COOKSON GROUP PLC ("the Group")

 

INTERIM MANAGEMENT STATEMENT

 

Cookson Group plc, a leading materials science company, releases the following Interim Management Statement covering current trading, its financial position and outlook. This statement covers the period from 1 July 2011 to 9 November 2011.

 

Summary

 

Overall, trading trends in the Ceramics and Electronics divisions have remained robust throughout the period.

 

For Ceramics, conditions in the main end-markets of global steel and foundry castings production have been as anticipated in the outlook statement given in the Group's half year results announcement on 2 August 2011. In the relatively small solar power end-market, the significant fall in demand since mid-year, which we had previously highlighted, has deepened further. Electronics end-market conditions have been somewhat better than expected. The Precious Metals division has experienced good trading conditions in Europe but a marked deterioration in US markets.

 

There have been some recent signs of moderate softening in global steel production volume trends for the fourth quarter, but momentum in foundry and electronics is currently being maintained.

 

As a result of all of the above, we now expect the Group's overall performance in the second half of the year to be slightly below that of the first half. This would result in a full year performance substantially ahead of 2010. Hence 2011 should be another year of strong progress.

 

Ceramics

 

In line with normal seasonality, global steel production in the third quarter of the year declined by some 2% compared to the second quarter (also 2% lower for the world excluding China), although it was 10% higher than the equivalent quarter last year (6% higher for the world excluding China).

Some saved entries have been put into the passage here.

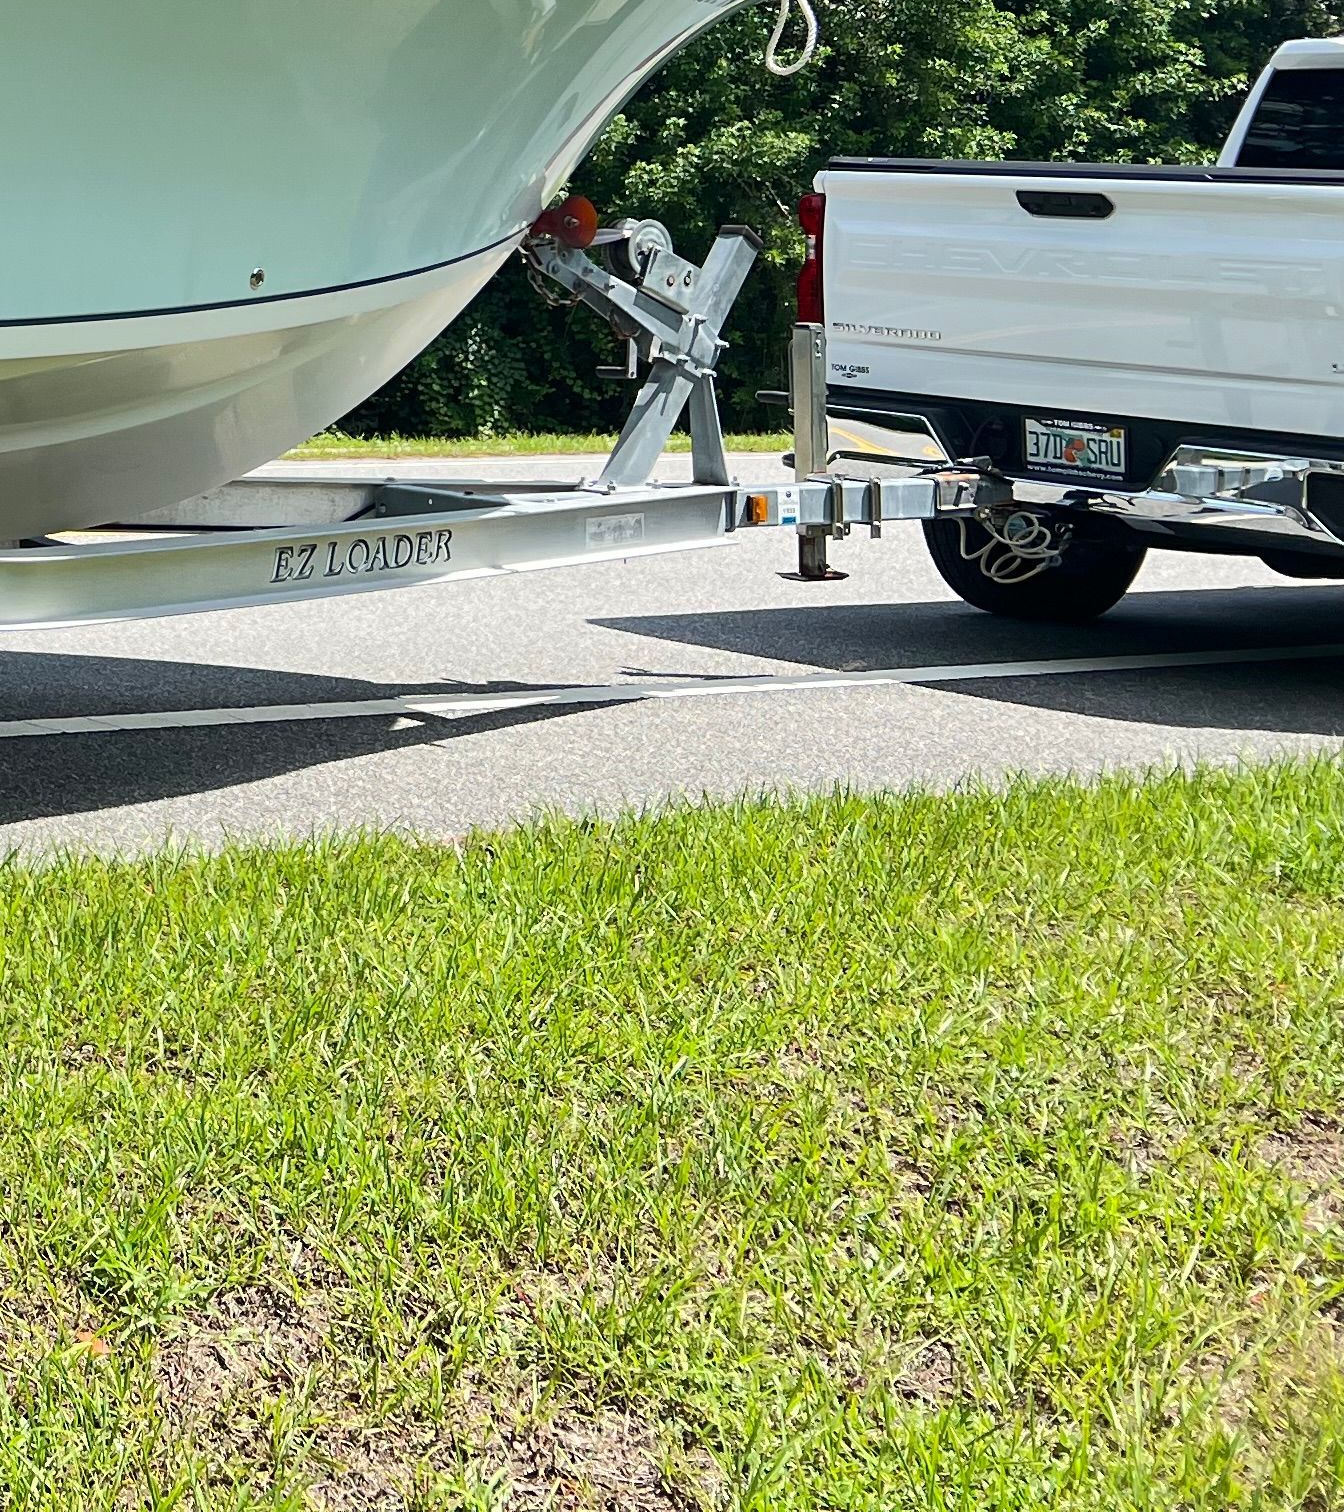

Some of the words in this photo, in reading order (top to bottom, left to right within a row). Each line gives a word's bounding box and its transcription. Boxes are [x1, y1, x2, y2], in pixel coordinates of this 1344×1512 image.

[831, 363, 847, 372] TOM
[1028, 430, 1063, 461] 37D
[1086, 437, 1121, 467] SRU
[269, 543, 318, 584] EZ
[322, 529, 453, 578] LOADER
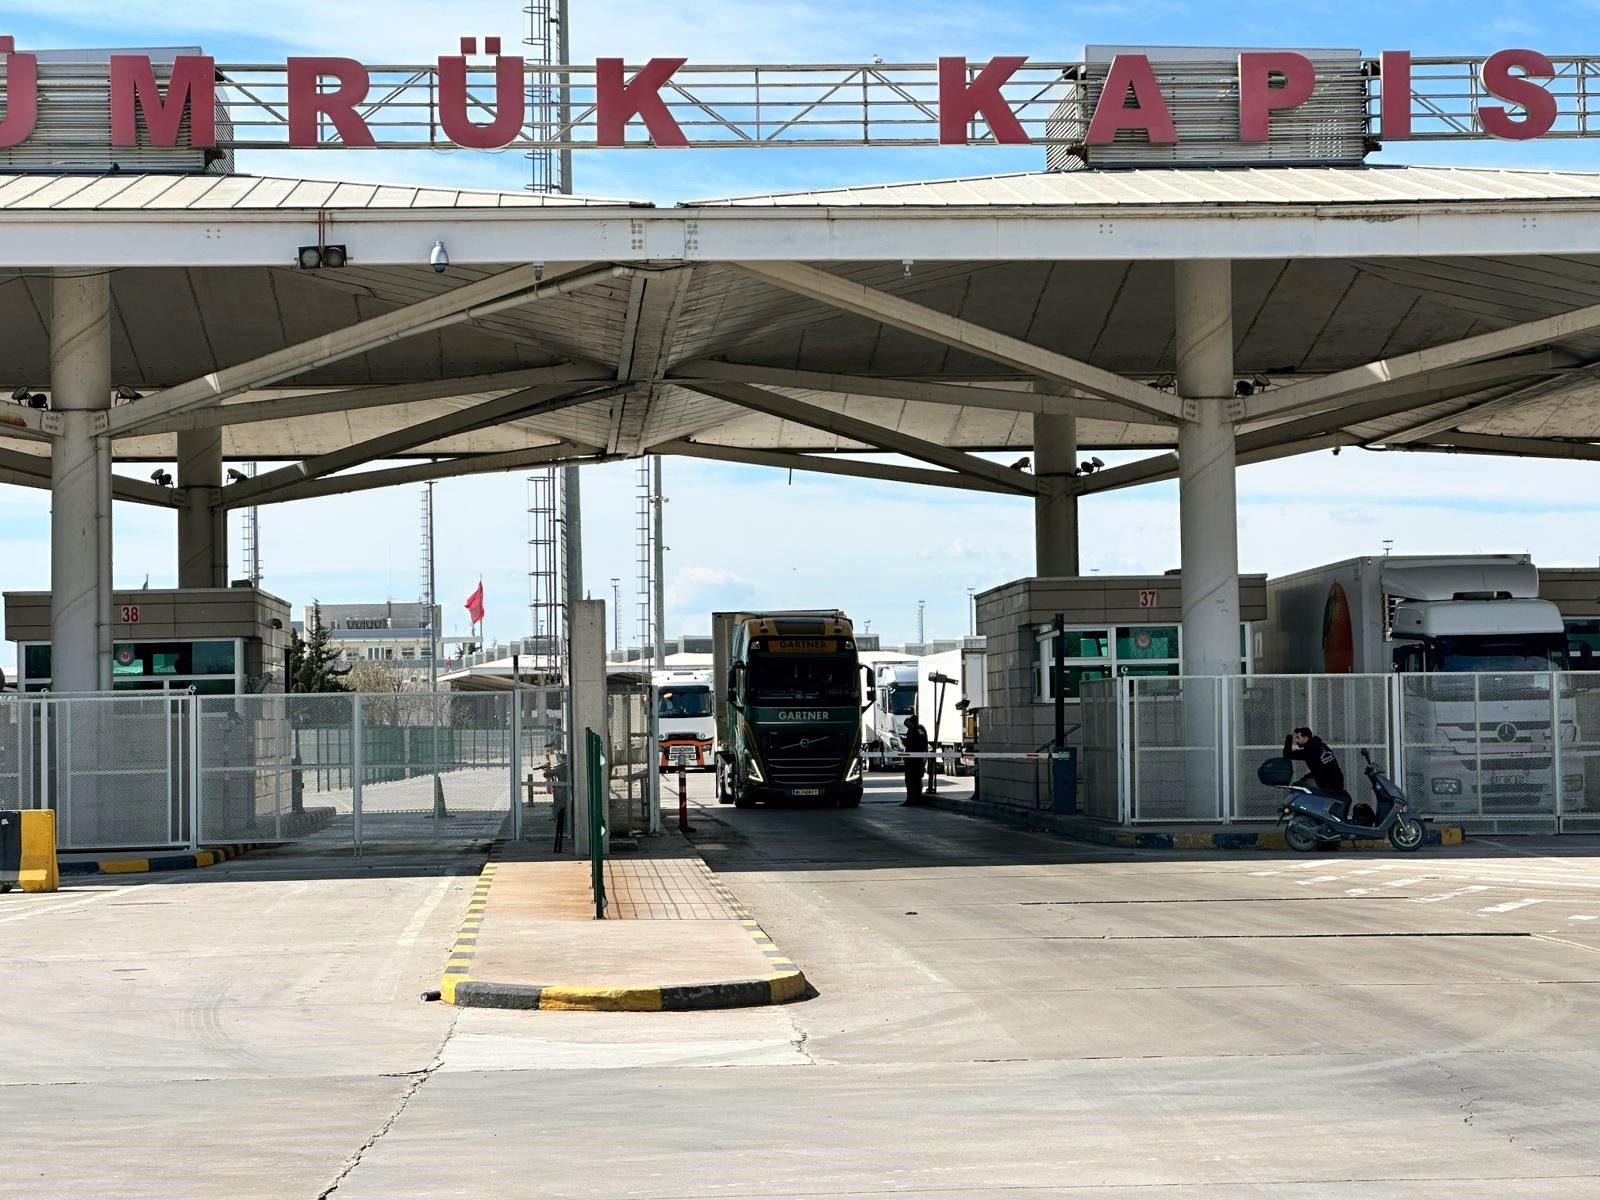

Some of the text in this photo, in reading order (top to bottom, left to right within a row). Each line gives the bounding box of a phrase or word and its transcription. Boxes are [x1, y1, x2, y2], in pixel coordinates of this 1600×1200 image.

[1140, 590, 1157, 607] 37
[122, 606, 139, 623] 38
[779, 640, 826, 649] GARTNER
[778, 711, 829, 720] GARTNER
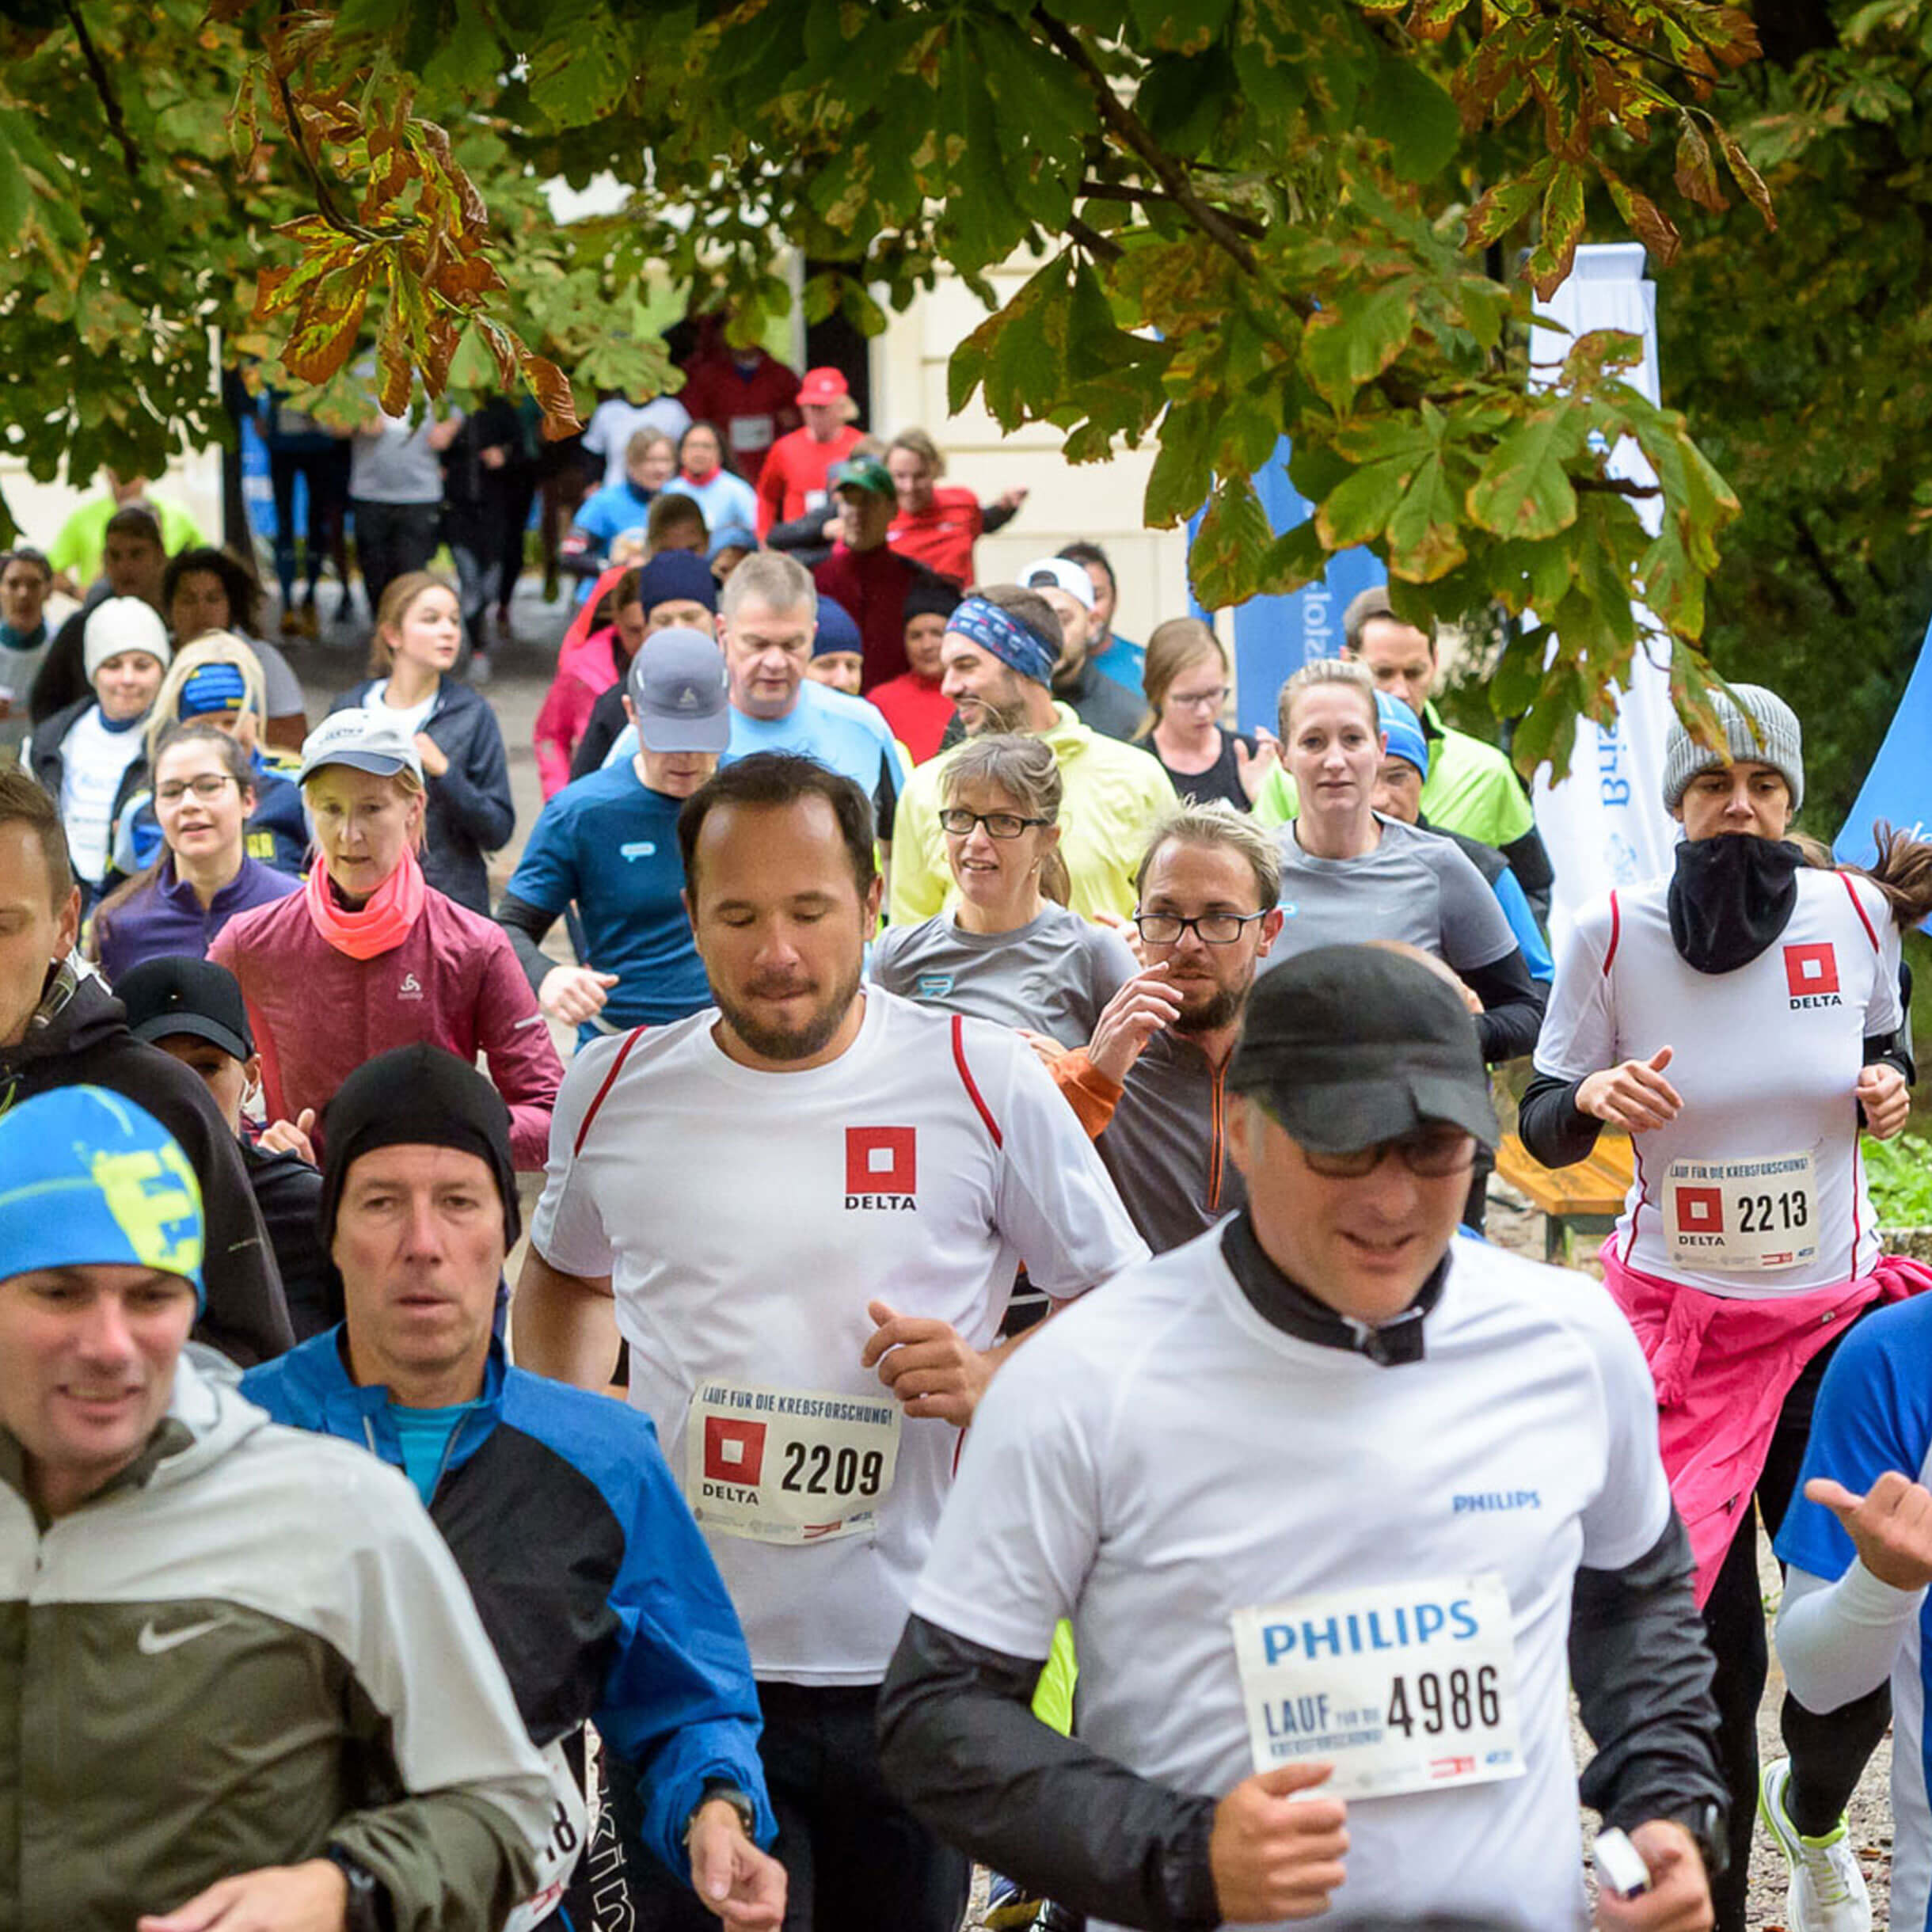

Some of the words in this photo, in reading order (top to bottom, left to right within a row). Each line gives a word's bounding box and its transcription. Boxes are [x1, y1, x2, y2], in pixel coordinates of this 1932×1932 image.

[1789, 995, 1843, 1010] DELTA
[1670, 1164, 1688, 1178] LAUF
[844, 1195, 916, 1211] DELTA
[1737, 1190, 1808, 1233] 2213
[1678, 1235, 1725, 1246] DELTA
[702, 1387, 727, 1405] LAUF
[730, 1391, 753, 1408] FÜR
[755, 1394, 775, 1411] DIE
[778, 1397, 893, 1426] KREBSFORSCHUNG!
[781, 1442, 884, 1496] 2209
[702, 1484, 759, 1505] DELTA
[1453, 1492, 1541, 1514] PHILIPS
[1263, 1599, 1479, 1666] PHILIPS
[1264, 1693, 1329, 1736] LAUF
[1387, 1665, 1500, 1737] 4986
[546, 1799, 577, 1862] 8

There have been recent signs of some moderate softening in steel production volume trends for the remainder of the year, particularly in Europe. For our foundry castings end-markets, news flow from the ultimate end-markets, such as heavy truck, higher-end automotive, and construction, mining and agricultural equipment, has been mixed. However, to date there has been no material slow-down in our customers' activity levels. The planned mid-year selling price increases in our steel and foundry markets have been successfully implemented and are being maintained.

 

In the Group's half year results announcement, it was highlighted that our relatively small Solar CrucibleTM business (which comprises around 60% of the Fused Silica business) had been experiencing a marked slow-down in volumes since the mid-year. This has deepened further and is now expected to continue into 2012. Steps are being taken to adapt to these market conditions by eliminating temporary workers and adopting some short time working arrangements in Europe and via some permanent workforce reductions in our Chinese operations. In addition, we are developing some technological innovations which should enable us to significantly reduce production costs and improve competitiveness, as the anticipated recovery in solar market volumes picks up next year.

 

Compared to the first half, a stronger second half performance from the combined Steel Flow Control, Linings and Foundry businesses is now expected to be offset by a significantly reduced performance from the Fused Silica business. This will result in the Ceramics division's overall performance in the second half of 2011 being slightly lower than the first half.

 

Electronics

 

The Electronics division experienced a strengthening of demand through the period, in line with normal seasonal trends but with the improvement being slightly stronger than previously expected. It continues to benefit both from its strong market positions in the faster growth market segments within consumer electronics, such as tablets and smartphones, and also the increased market penetration of related, innovative and higher margin products such as advanced solder pastes and 'tape and reel' packaged solder pre-forms.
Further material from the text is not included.